Set objRootDSE = GetObject("LDAP://RootDSE")
strDNSDomain = objRootDSE.Get("DefaultNamingContext")

' Get the Builtin Administrators group
Set objGroup = GetObject ("LDAP://"& strContainer & strDNSDomain)
objGroup.getInfo

arrMemberOf = objGroup.GetEx("member")

' Loop = For Each .... Next
WScript.Echo "Members of Group " & strContainer
For Each strMember in arrMemberOf
WScript.echo strMember
Next

Wscript.Quit

Thanks for your help!

Imports System.DirectoryServices
Imports System.Diagnostics
Imports System.Runtime.InteropServices
Imports ActiveDs

    Private Sub cmdQuery_Click(ByVal sender As System.Object, ByVal e As
System.EventArgs) Handles cmdQuery.Click
        Dim objMembers As Object = Nothing
        Dim collMembers As IADsMembers = Nothing
        Dim iadsMember As IADsUser
        Dim strServerName As String

        Dim de As New DirectoryEntry()
        Try
            strServerName = "SERVER"
            de.Username = "Username"
            de.Password = "Password"
            de.AuthenticationType = AuthenticationTypes.Secure
            de.Path = "LDAP://" & strServerName & "/CN=Domain
Admins,CN=Users,DC=DomainName,DC=local"

            ' Invoke native method "members"
            objMembers = de.Invoke("Members")
            collMembers = CType(objMembers, IADsMembers)
            collMembers.Filter = "user"
            For Each iadsMember In collMembers
                Debug.WriteLine("Name = " & iadsMember.Name)
            Next

        Catch ex As COMException
            Debug.WriteLine("**Exception**" & vbCrLf & ex.ToString)
        End Try
    End Sub


Show quoteHide quote

Namespace or Type 'ActiveDs' for Imports ActiveDs cannot be found
Type IADsMembers not defined
Type IADsUsers not defined

What's ActiveDs?

Interop.ActiveDs

I added this COM reference.  It's the "Active DS IIS Namespace
Provider" in Visual Studio.

I'm not sure what to specify for Server.

DC=website,DC=com?

your local domain name....

your local extension.

So if your active directory is called

TEST.DS

DC=TEST
DC=DS

Show quoteHide quote

Tried various server names.  Not working for me.

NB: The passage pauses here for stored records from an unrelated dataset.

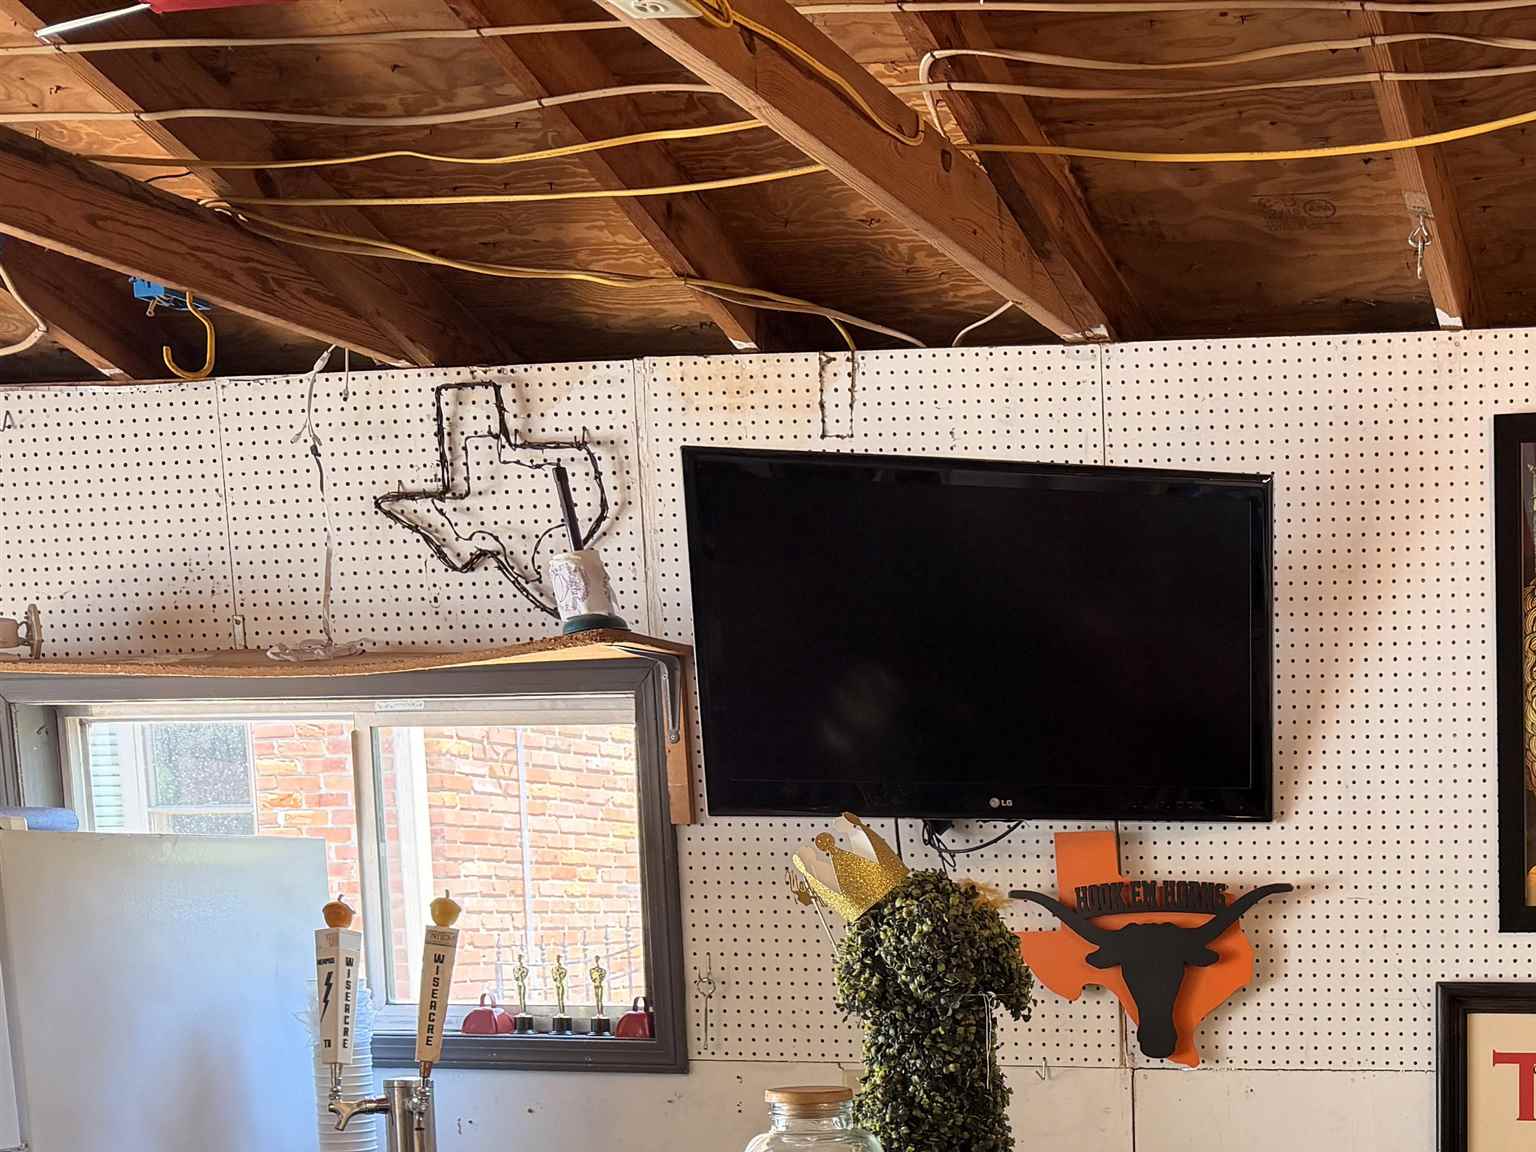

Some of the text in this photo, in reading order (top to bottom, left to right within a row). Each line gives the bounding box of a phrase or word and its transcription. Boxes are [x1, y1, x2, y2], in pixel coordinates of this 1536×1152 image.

[1001, 799, 1013, 807] LG
[1074, 881, 1126, 911] HOOK
[1163, 880, 1229, 912] HORNS
[342, 957, 354, 1049] WISEACRE
[425, 953, 446, 1047] WISEACRE
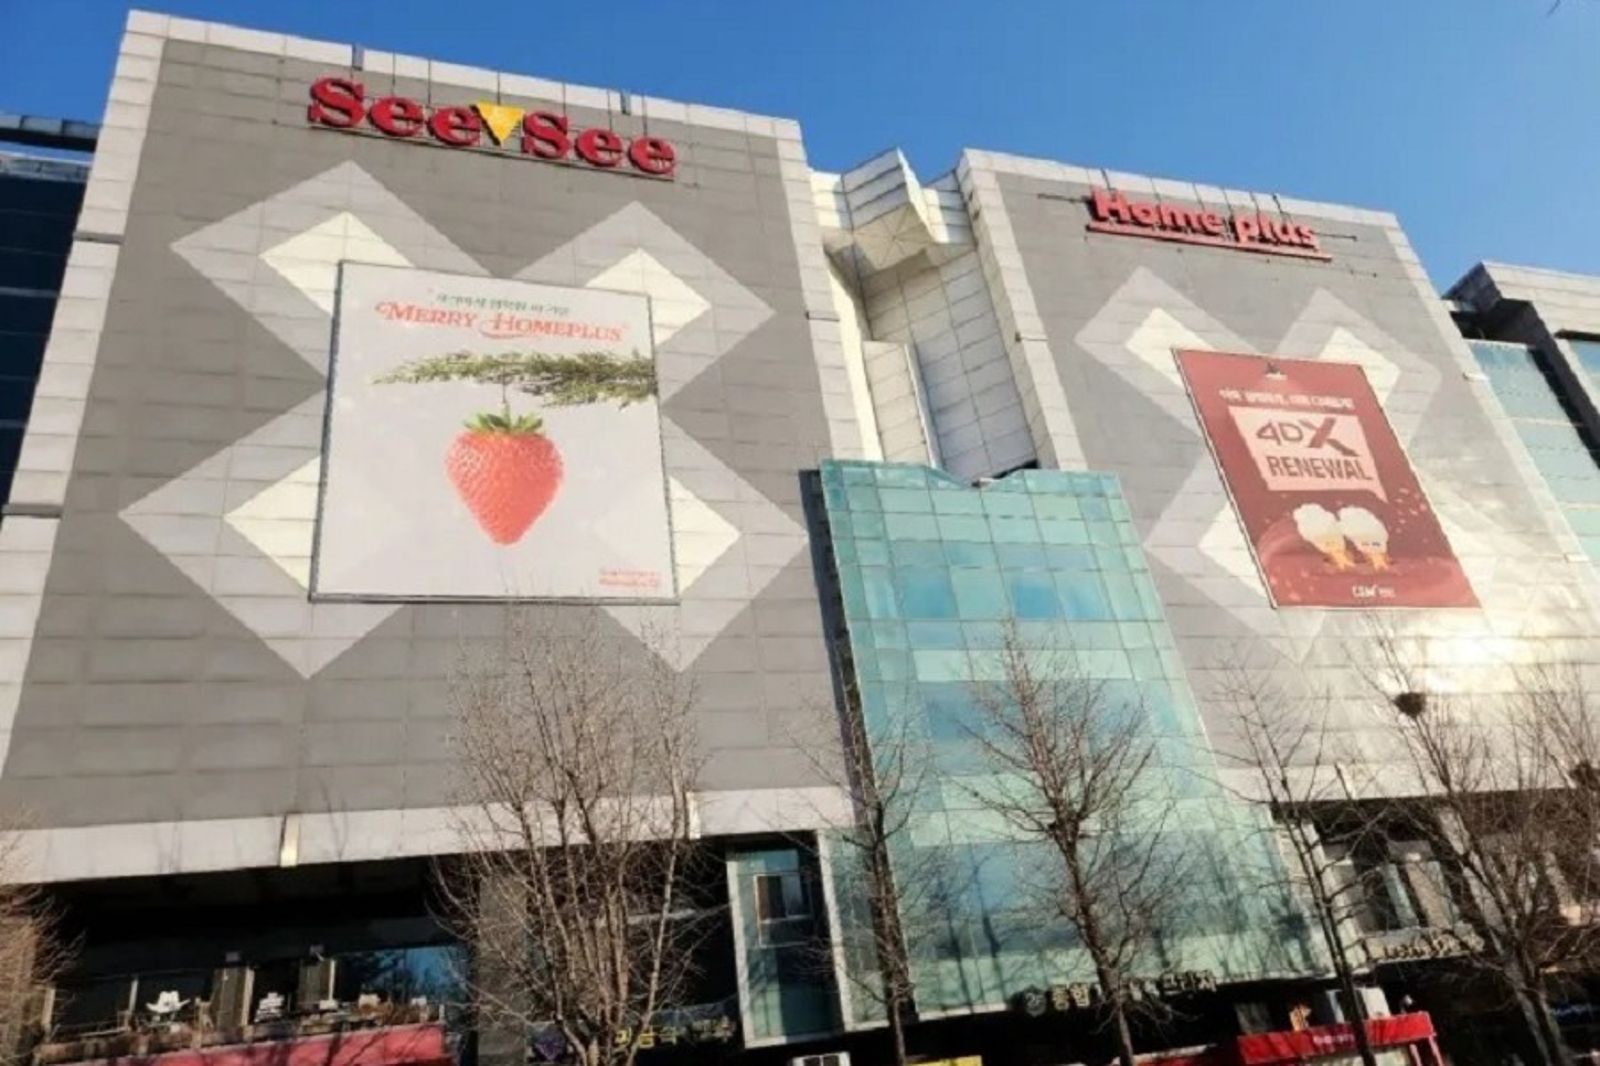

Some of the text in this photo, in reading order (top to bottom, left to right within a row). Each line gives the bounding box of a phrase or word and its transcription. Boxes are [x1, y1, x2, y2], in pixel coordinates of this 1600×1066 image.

[308, 77, 675, 175] See See
[1091, 190, 1316, 248] Home plus
[482, 311, 622, 341] HOMEPLUS
[1256, 417, 1359, 457] 4DX
[1265, 455, 1374, 481] RENEWAL
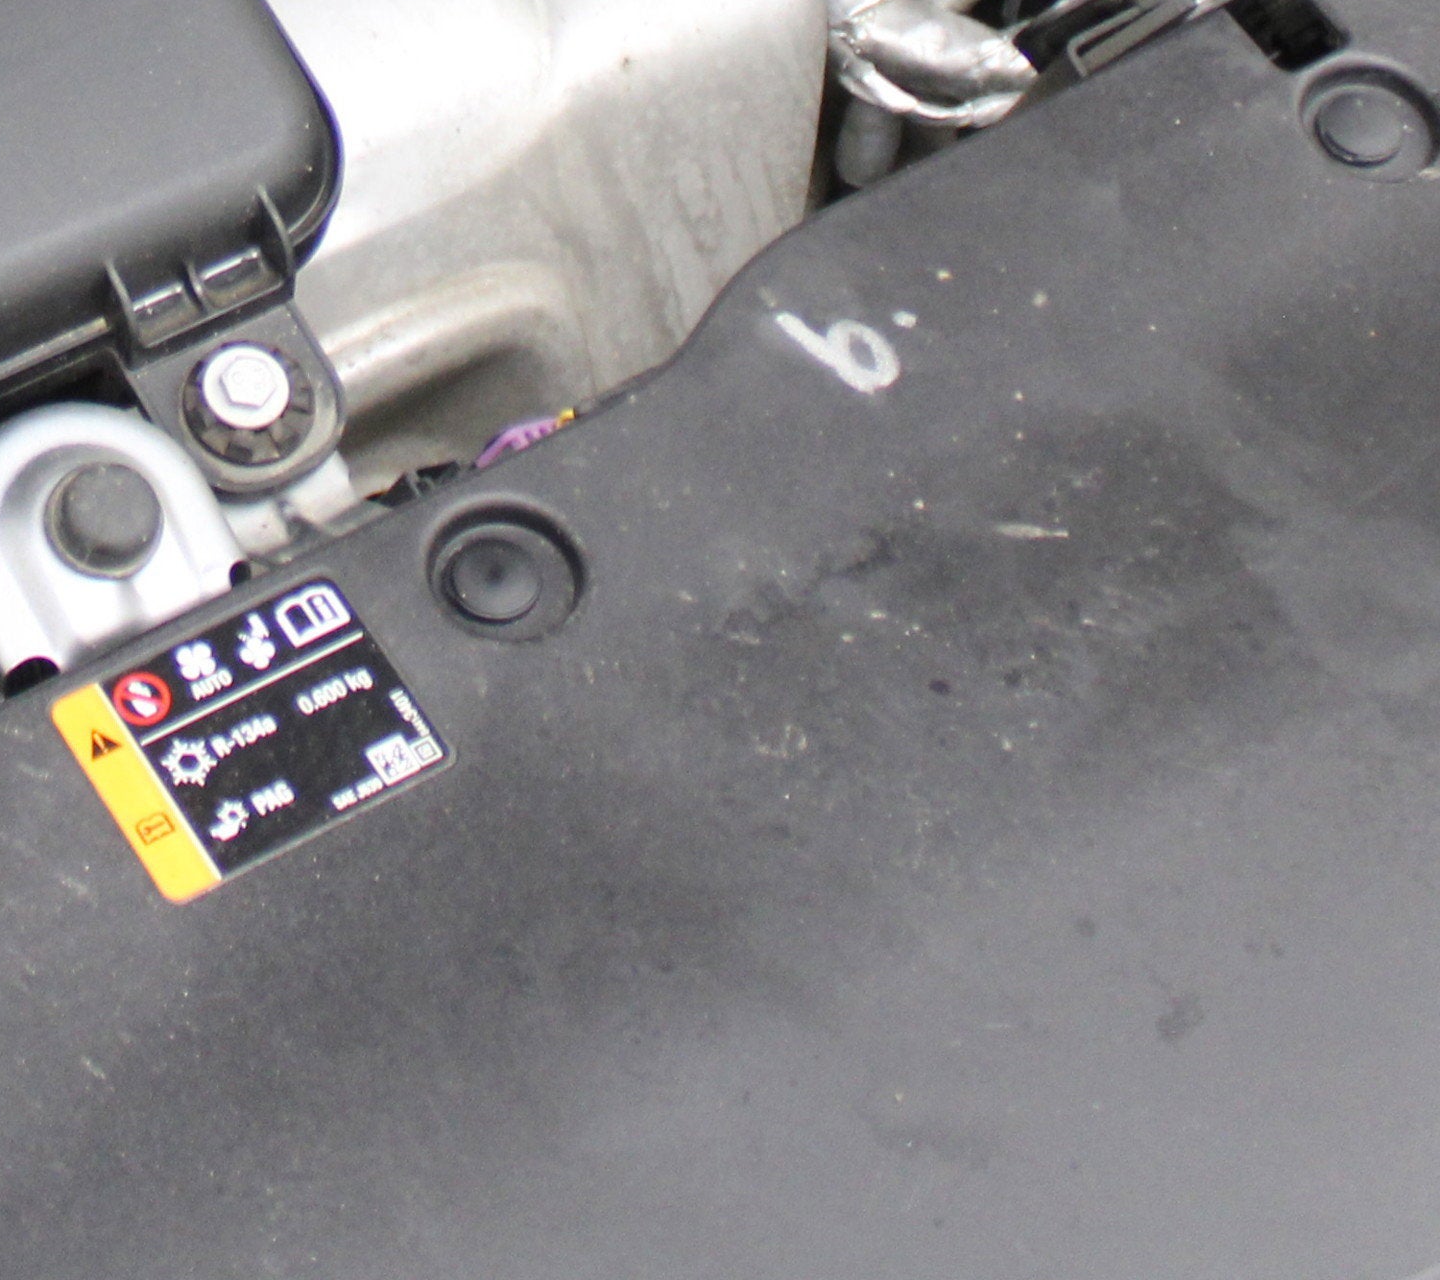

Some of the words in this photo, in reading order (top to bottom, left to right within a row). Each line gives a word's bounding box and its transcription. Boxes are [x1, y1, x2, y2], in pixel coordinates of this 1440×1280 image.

[191, 668, 234, 702] AUTO
[210, 714, 279, 759] R-134a
[295, 678, 348, 716] 0.600
[346, 666, 375, 697] kg
[250, 779, 297, 817] PAG
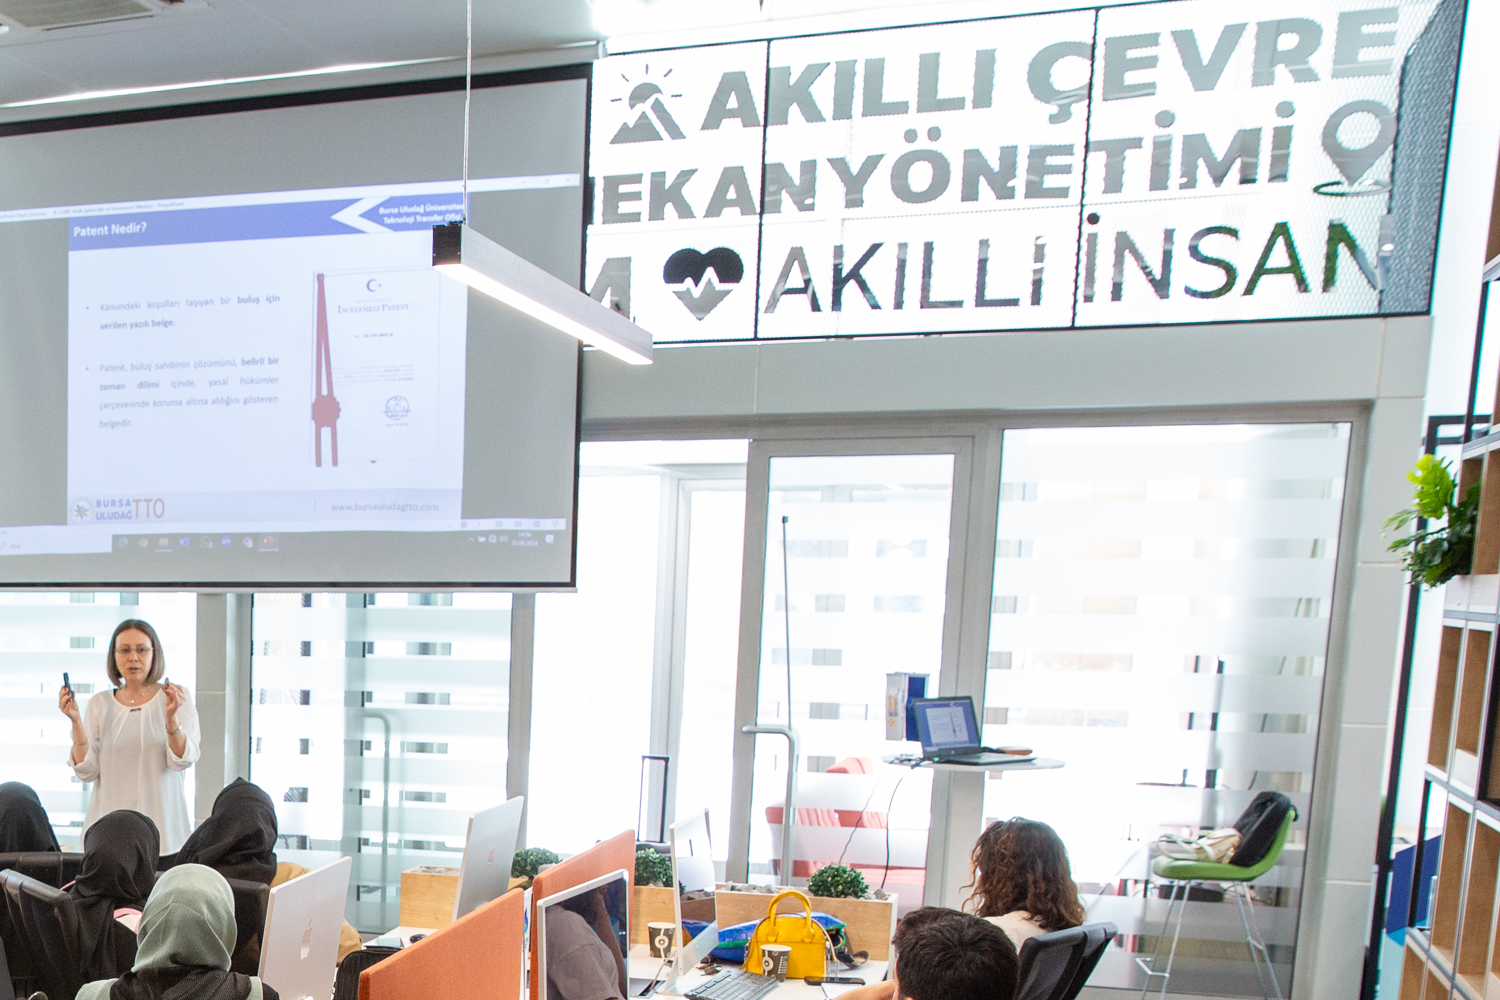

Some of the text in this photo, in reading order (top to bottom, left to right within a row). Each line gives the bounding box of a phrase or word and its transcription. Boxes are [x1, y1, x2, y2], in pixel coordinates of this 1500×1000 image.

[700, 6, 1398, 132] AKILLI ÇEVRE
[73, 221, 147, 237] Patent Nedir?
[763, 213, 1395, 314] AKILLI İNSAN
[100, 294, 280, 311] Kanundaki koşulları taşıyan bir buluş için
[100, 318, 175, 330] verilen yazılı belge.
[100, 356, 279, 373] Patent, buluş sahibinin çözümünü, belirli bir
[100, 376, 279, 391] zaman dilimi içinde, yasal hükümler
[99, 401, 150, 411] çerçevesinde
[153, 398, 183, 408] koruma
[186, 397, 208, 406] altına
[243, 394, 278, 406] gösteren
[99, 419, 132, 430] belgedir.
[96, 499, 131, 508] BURSA
[132, 498, 165, 519] TTO
[331, 502, 440, 513] www.bursauludagtto.com
[96, 509, 133, 521] ULUDAĞ
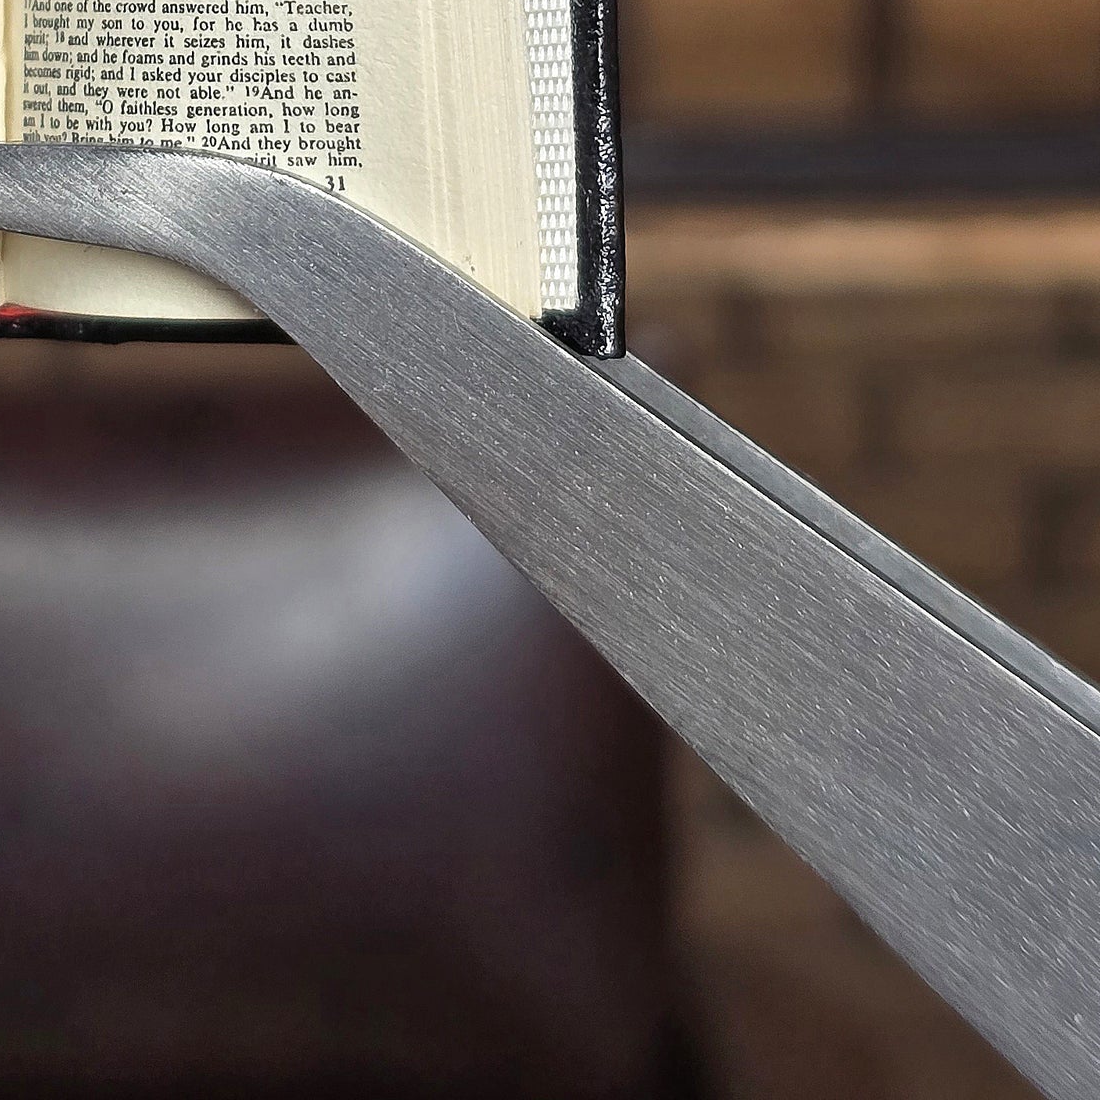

LDAP://" & strServerName & "/CN=Domain
Admins,CN=Users,DC=DomainName,DC=local"

The script above references RootDSE.  It references a domain, not a
server:
Set objRootDSE = GetObject("LDAP://RootDSE")
strDNSDomain = objRootDSE.Get("DefaultNamingContext")

where I get:  DC=website,DC=corp,DC=websiteusa,DC=com

Thanks for your response anyway!

DC=website,DC=corp,DC=websiteusa,DC=com

does not work.  This is the domain used in the VBS script above, but
when I use it for .NET it raises an exception.

(names changed to protect the innocent :)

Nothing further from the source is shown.